Former Tampa Jesuit star Marc Valdes reaches terms. Ben McDonald and Steve Cooke are expected to sign this week.


© St. Petersburg Times, published January 20, 1999

ST. PETERSBURG -- Getting armed for their second season, the Devil Rays have come to terms with free agent pitchers Bobby Witt and Marc Valdes and are expected to announce the signings of Ben McDonald and Steve Cooke this week.

Witt, who turns 35 in May, has been one of the more durable pitchers of the past decade, averaging 27 starts a season since 1986.

The right-hander was once a prized prospect with the Rangers as the No. 3 pick in the 1985 draft, reaching Texas after only 11 games in the minors. While he has struggled with control, Witt has had 16- and 17-win seasons in the 1990s.

He was on the Marlins staff in 1995, when Rays manager Larry Rothschild was the pitching coach.

"This is an opportunity for Bobby to pitch for Larry," Witt's agent Alan Nero said. "He feels Larry helped him a great deal at Florida and believes he will flourish again with him."

Witt had a 3.90 ERA in 19 starts with Rothschild before being traded back to Texas. His ERA since is 5.94. Witt was 7-9 with a 6.56 ERA with Texas and St. Louis last season.

Valdes, a 27-year-old right-hander, also is familiar with Rothschild from their days with the Marlins. A former star at Tampa's Jesuit High and the University of Florida, Valdes was released by the Expos after last season. He had elbow surgery in July and is not expected to be ready to pitch until midseason.

While not speaking specifically about Witt or Valdes, Devil Rays general manager Chuck LaMar said the club has been pursuing low-risk, low-salaried pitchers to invite to spring training.

"We don't yet have a system of players in place where we can just take a young kid off the Triple-A roster. We're still a couple of years away from our farm system producing the type of players we need to remain as competitive as we'd like to be," LaMar said. "We're trying to fill in with these pitchers who have very little guaranteed money in their contracts.

"At one time or another, they've had success in the major leagues but are coming off a season where they've been out for one reason or another, in most cases because of injuries. If we hit right on one of them, it creates competition for the fourth and fifth jobs in the starting rotation."

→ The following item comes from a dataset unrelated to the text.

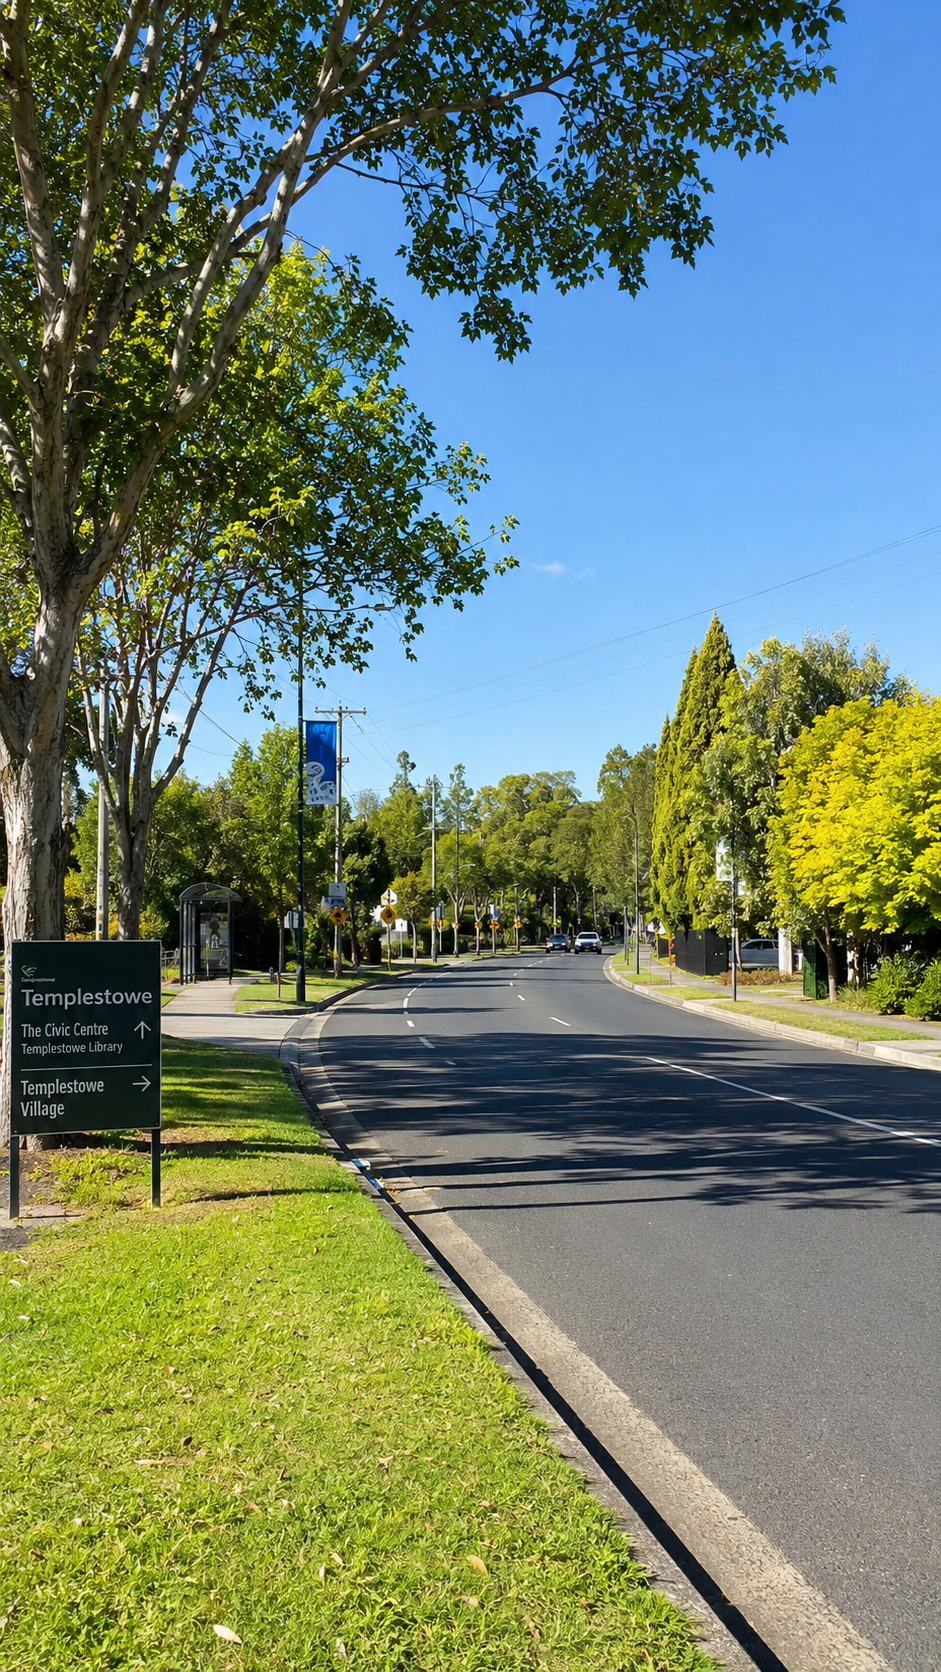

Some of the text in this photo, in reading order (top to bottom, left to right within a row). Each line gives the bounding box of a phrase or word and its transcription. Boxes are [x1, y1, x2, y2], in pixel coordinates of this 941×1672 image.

McDonald and Cooke fit that description.

Like Witt, McDonald was a highly touted prospect when he reached the majors. The No. 1 pick in the 1989 draft, McDonald went 78-70 for the Orioles and Brewers before being shelved by a shoulder injury in 1997. The right-hander missed the 1998 season after rotator cuff surgery. LaMar said the Rays have had McDonald, 31, thoroughly examined and are confident his shoulder is sound.

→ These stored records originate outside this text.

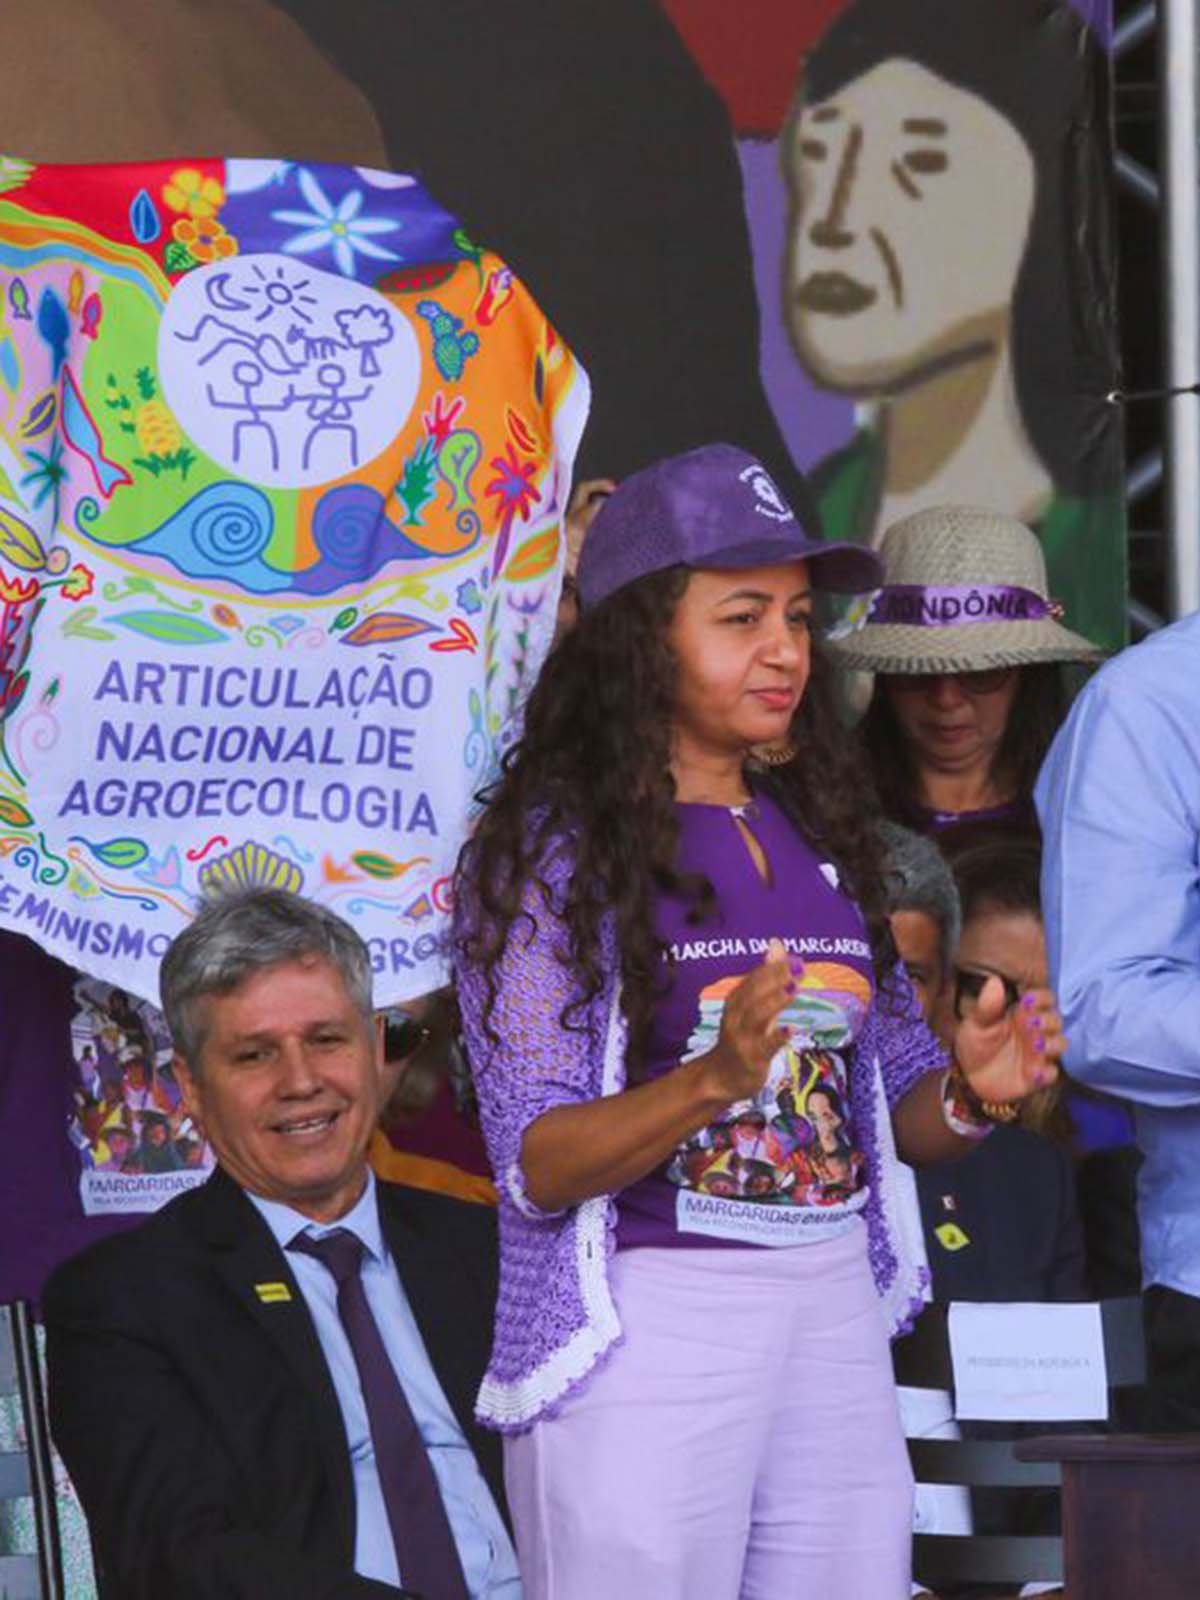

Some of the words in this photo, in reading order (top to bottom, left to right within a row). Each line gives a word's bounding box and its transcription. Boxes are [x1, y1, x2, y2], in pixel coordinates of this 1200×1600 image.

[94, 653, 433, 719] ARTICULAÇÃO
[96, 722, 344, 765] NACIONAL
[356, 724, 416, 770] DE
[59, 778, 438, 836] AGROECOLOGIA
[0, 873, 172, 961] EMINISMO
[685, 1199, 799, 1225] MARGARIDAS

"He's an interesting sort of guy. He was highly thought of for a number of years and then sort of vanished," LaMar said. "You don't find too many guys who were consistent 12- or 13-game winners just hanging around out there.

"It's just a matter of getting the (contract) specifics down, but hopefully we can get it done."

Cooke is coming back from his second career-threatening injury.

The left-hander was in Pittsburgh's rotation in 1993-94 before being sidelined most of two seasons with a elbow injury. He bounced back in 1997 to go 9-15 with the Pirates before being released and signed by the Reds.

Cooke, 29, began the 1998 season in the Reds rotation and got their first win of the season but went on the disabled list with a sore elbow and did not return.

The Reds were due to pay him $1.25-million for 1999 but opted to buy out his contract for $425,000.